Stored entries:
►

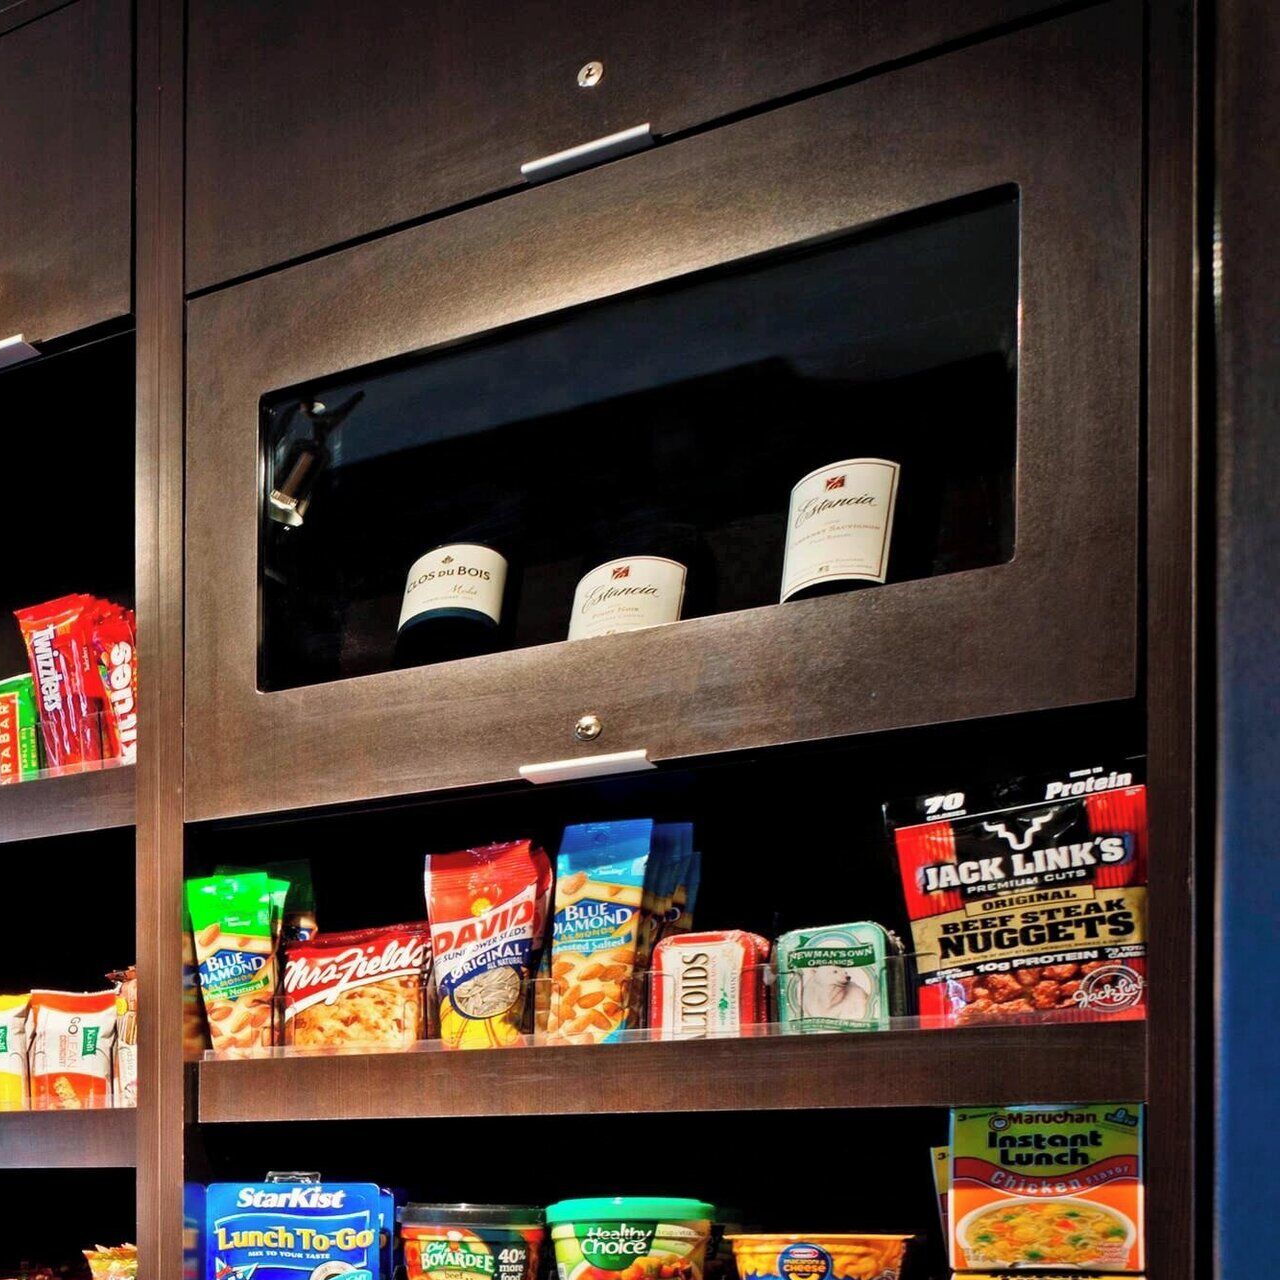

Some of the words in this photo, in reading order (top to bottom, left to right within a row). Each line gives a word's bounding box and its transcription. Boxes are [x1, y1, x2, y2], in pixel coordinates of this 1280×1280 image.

[457, 566, 491, 581] BOIS
[1045, 771, 1133, 801] Protein
[924, 792, 966, 815] 70
[925, 857, 1005, 892] JACK
[1012, 837, 1126, 877] LINK'S
[966, 877, 1039, 895] PREMIUM
[1044, 869, 1087, 882] CUTS
[981, 889, 1077, 912] ORIGINAL
[565, 903, 609, 922] BLUE
[941, 915, 1014, 935] BEEF
[1021, 898, 1126, 925] STEAK
[434, 900, 534, 953] DAVID
[937, 911, 1135, 960] NUGGETS
[206, 952, 245, 972] BLUE
[1013, 951, 1098, 968] PROTEIN
[1006, 1111, 1097, 1125] Maruchan
[987, 1129, 1103, 1150] Instant
[999, 1148, 1090, 1167] Lunch
[990, 1170, 1083, 1194] Chicken
[236, 1185, 347, 1208] StarKist
[216, 1226, 295, 1251] Lunch
[296, 1226, 376, 1252] To-Go
[587, 1223, 652, 1242] Healthy
[497, 1248, 527, 1263] 40%
[580, 1235, 648, 1256] Choice
[420, 1250, 495, 1274] BOYARDEE
[498, 1263, 524, 1273] more
[444, 1270, 464, 1280] beef
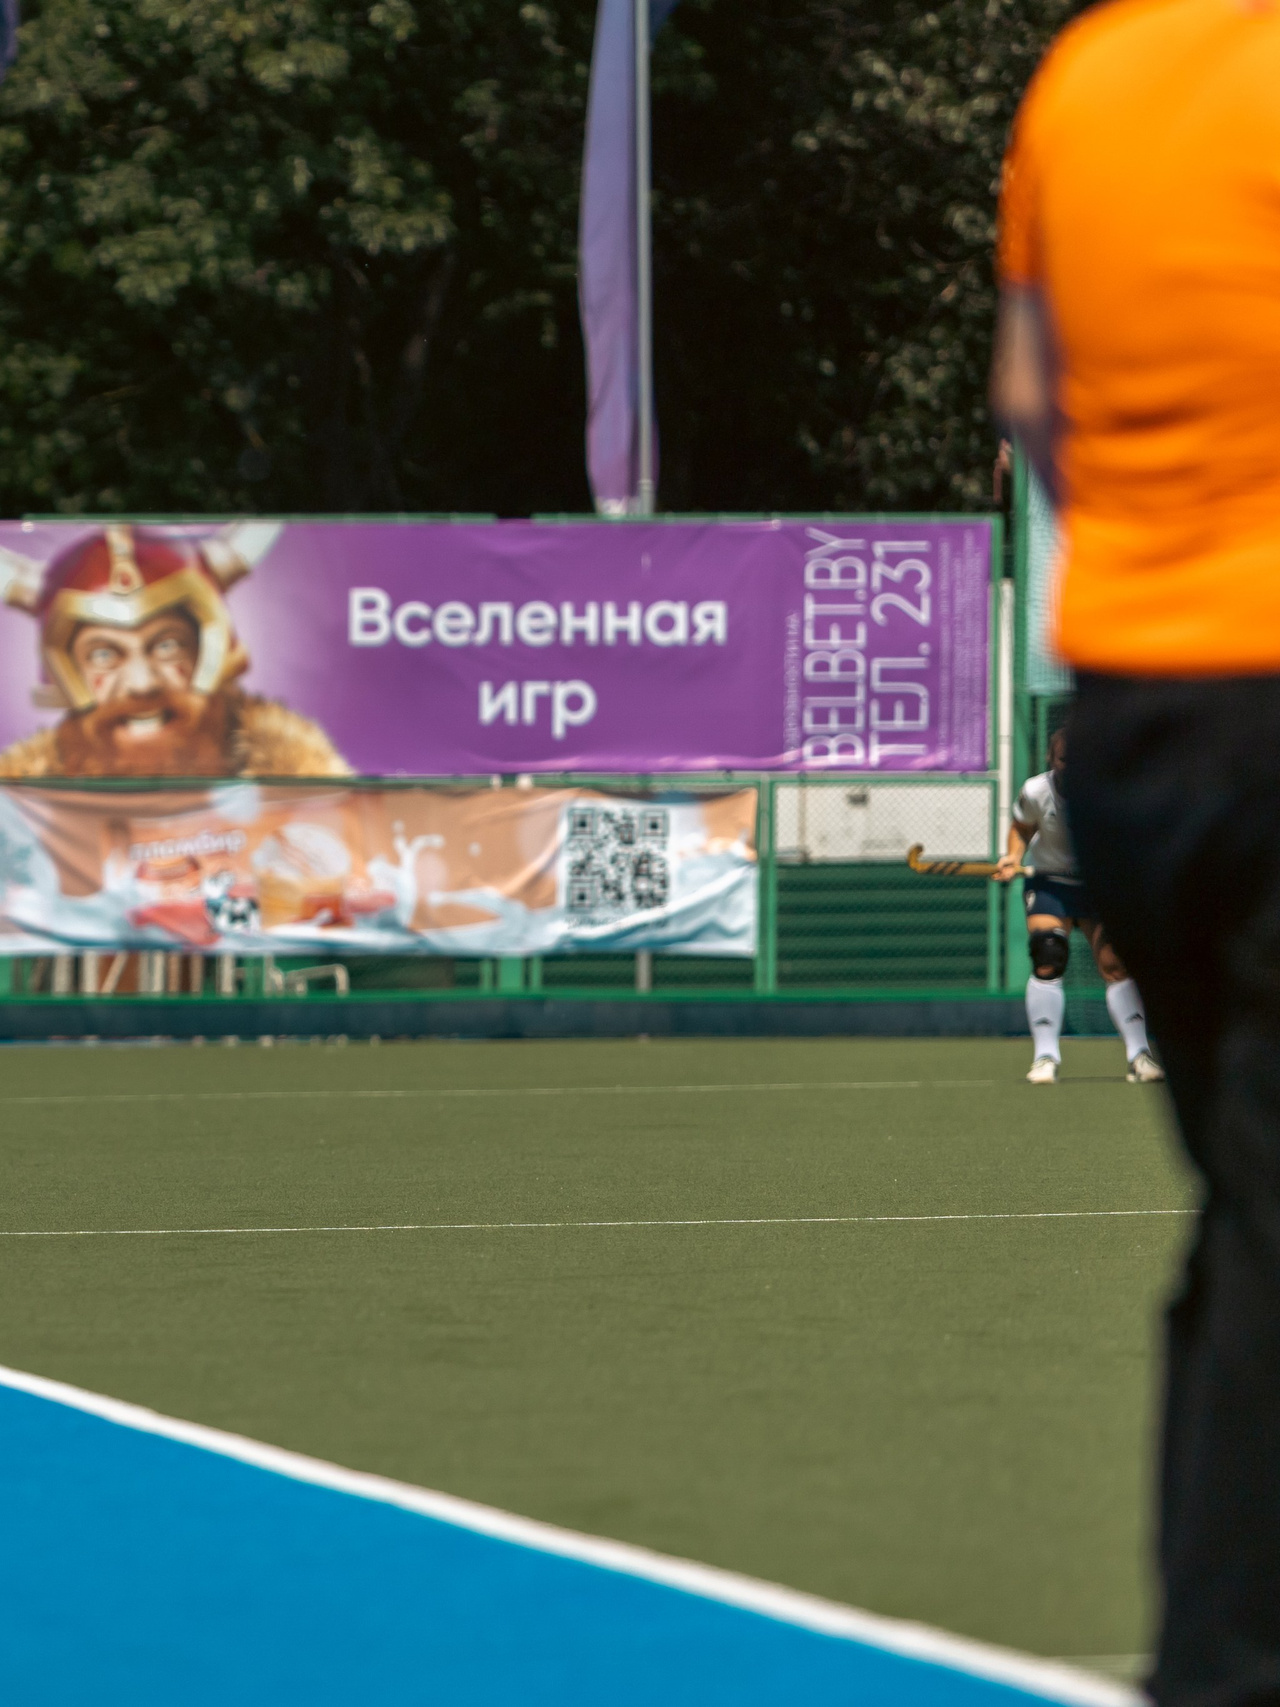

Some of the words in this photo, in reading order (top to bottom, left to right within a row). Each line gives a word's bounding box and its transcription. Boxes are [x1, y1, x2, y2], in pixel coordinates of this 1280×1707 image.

[347, 586, 728, 649] Вселенная
[870, 540, 932, 628] 231
[803, 527, 867, 766] BELBET.BY
[477, 679, 597, 740] игр
[869, 641, 931, 768] ТЕЛ.
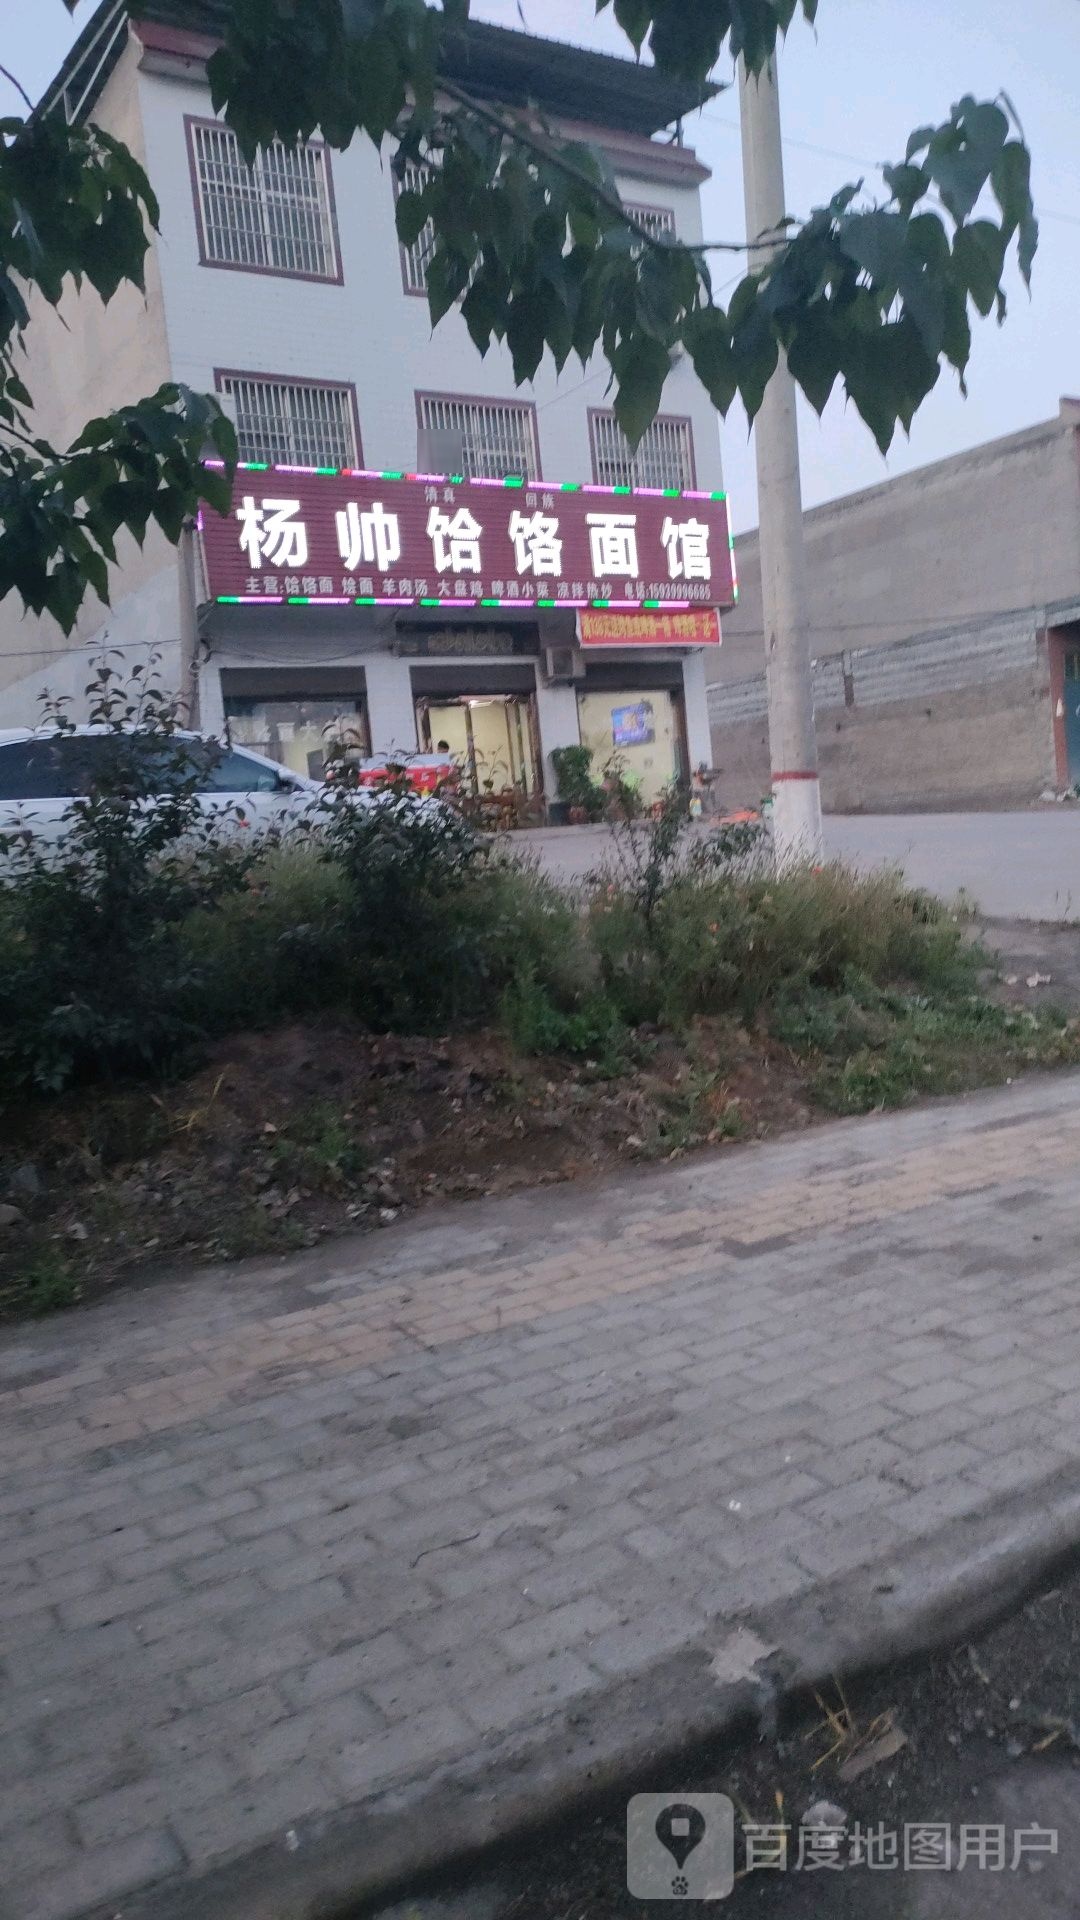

◄

▸ Activity
Restate every record above word for word, without images.

▸ Task answer
Some of the words in this photo, in reading order (top to bottom, left to right within a row). Each line gives a word's bounding box and its transcription. Boxes are [x1, y1, x2, y2], in pixel coordinates of this 1280×1280 image.

[457, 566, 491, 581] BOIS
[1045, 771, 1133, 801] Protein
[924, 792, 966, 815] 70
[925, 857, 1005, 892] JACK
[1012, 837, 1126, 877] LINK'S
[966, 877, 1039, 895] PREMIUM
[1044, 869, 1087, 882] CUTS
[981, 889, 1077, 912] ORIGINAL
[565, 903, 609, 922] BLUE
[941, 915, 1014, 935] BEEF
[1021, 898, 1126, 925] STEAK
[434, 900, 534, 953] DAVID
[937, 911, 1135, 960] NUGGETS
[206, 952, 245, 972] BLUE
[1013, 951, 1098, 968] PROTEIN
[1006, 1111, 1097, 1125] Maruchan
[987, 1129, 1103, 1150] Instant
[999, 1148, 1090, 1167] Lunch
[990, 1170, 1083, 1194] Chicken
[236, 1185, 347, 1208] StarKist
[216, 1226, 295, 1251] Lunch
[296, 1226, 376, 1252] To-Go
[587, 1223, 652, 1242] Healthy
[497, 1248, 527, 1263] 40%
[580, 1235, 648, 1256] Choice
[420, 1250, 495, 1274] BOYARDEE
[498, 1263, 524, 1273] more
[444, 1270, 464, 1280] beef

Some of the words in this photo, in reading order (top to bottom, left to right within a row). Each line gives a word's bounding box and its transcription. Boxes are [x1, y1, x2, y2], in pixel coordinates of this 1280×1707 image.

[347, 586, 728, 649] Вселенная
[870, 540, 932, 628] 231
[803, 527, 867, 766] BELBET.BY
[477, 679, 597, 740] игр
[869, 641, 931, 768] ТЕЛ.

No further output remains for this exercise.